▶ EXERCISE
Restate the whole of the data below word for word, skipping the images.

▶ DATA
:::
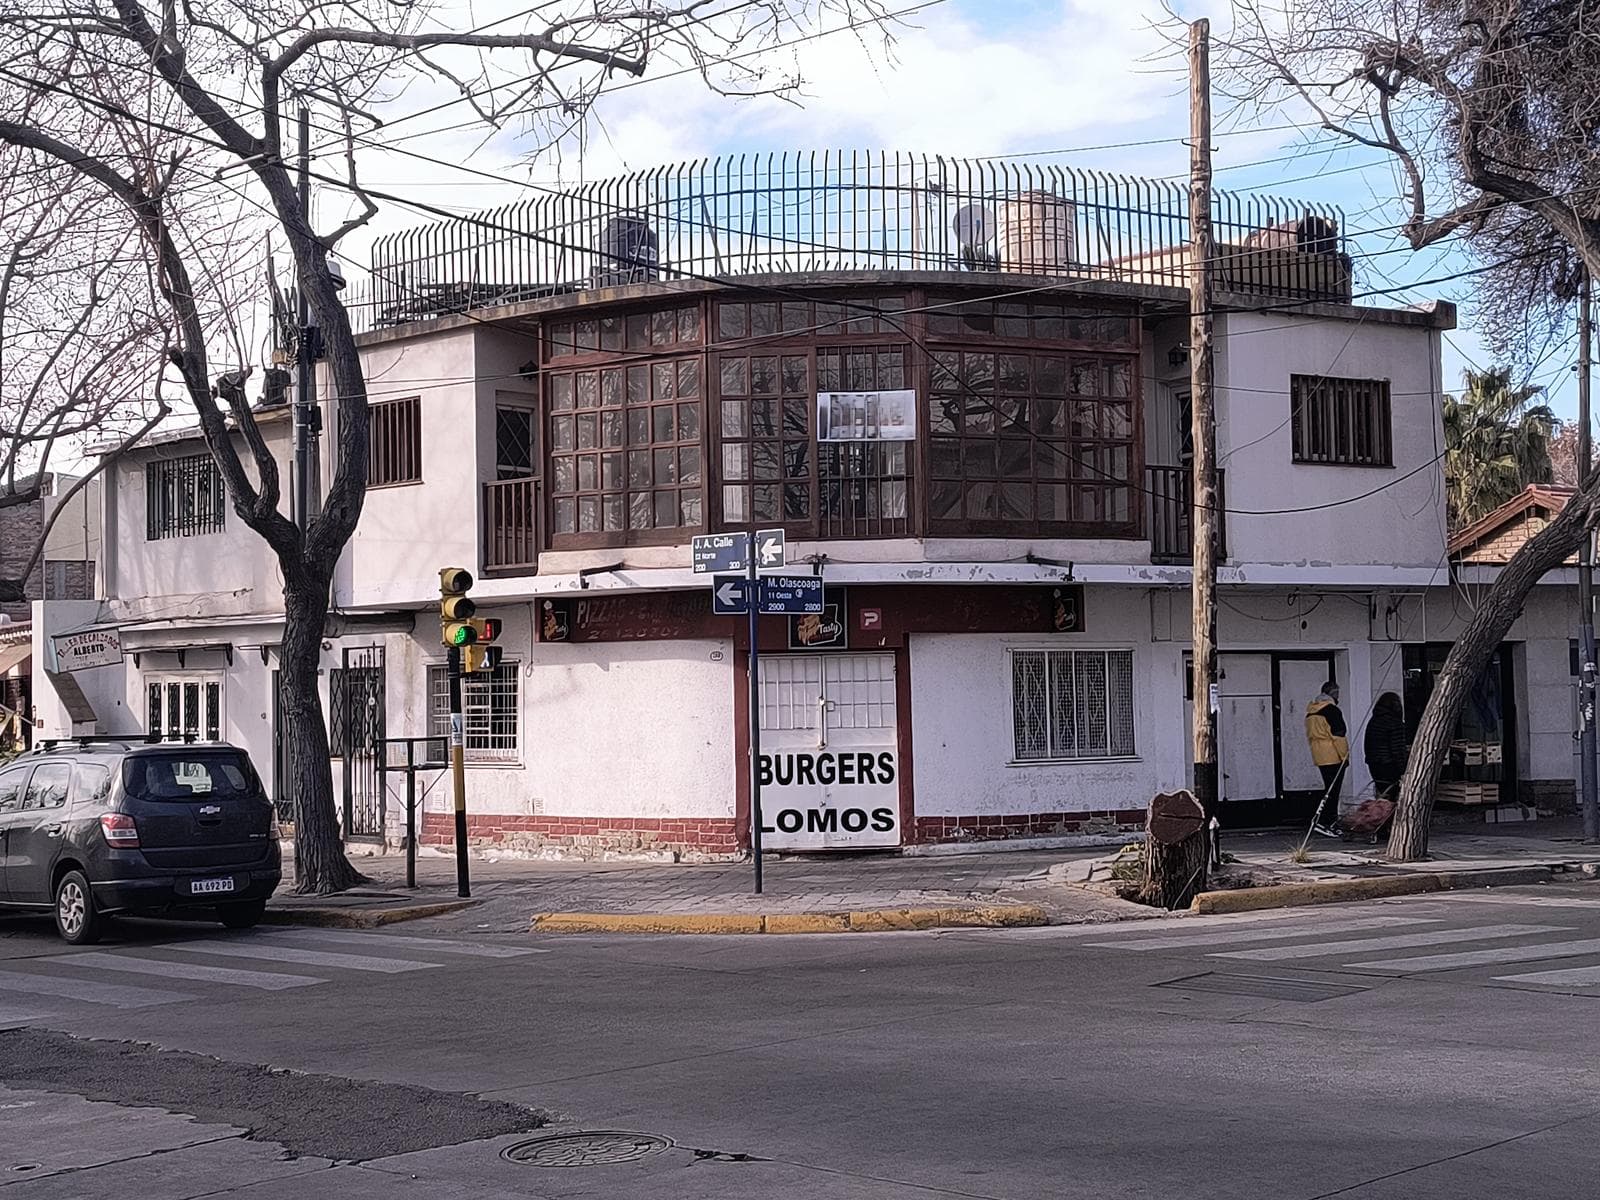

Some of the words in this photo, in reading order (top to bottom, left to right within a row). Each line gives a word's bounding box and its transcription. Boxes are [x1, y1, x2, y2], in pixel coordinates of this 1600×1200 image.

[703, 538, 712, 548] A.
[713, 537, 734, 548] Calle
[767, 578, 778, 588] M.
[779, 577, 821, 591] Olascoaga
[819, 622, 839, 635] Tasty
[759, 752, 895, 786] BURGERS
[194, 883, 203, 891] AA
[205, 881, 220, 890] 692
:::
▶ ANSWER
Some of the words in this photo, in reading order (top to bottom, left to right within a row). Each line gives a word's bounding box and its transcription. Boxes are [x1, y1, x2, y2], in pixel coordinates of this 1600×1200 image.

[703, 538, 712, 548] A.
[713, 537, 734, 548] Calle
[767, 578, 778, 588] M.
[779, 577, 821, 591] Olascoaga
[819, 622, 839, 635] Tasty
[759, 752, 895, 786] BURGERS
[194, 883, 203, 891] AA
[205, 881, 220, 890] 692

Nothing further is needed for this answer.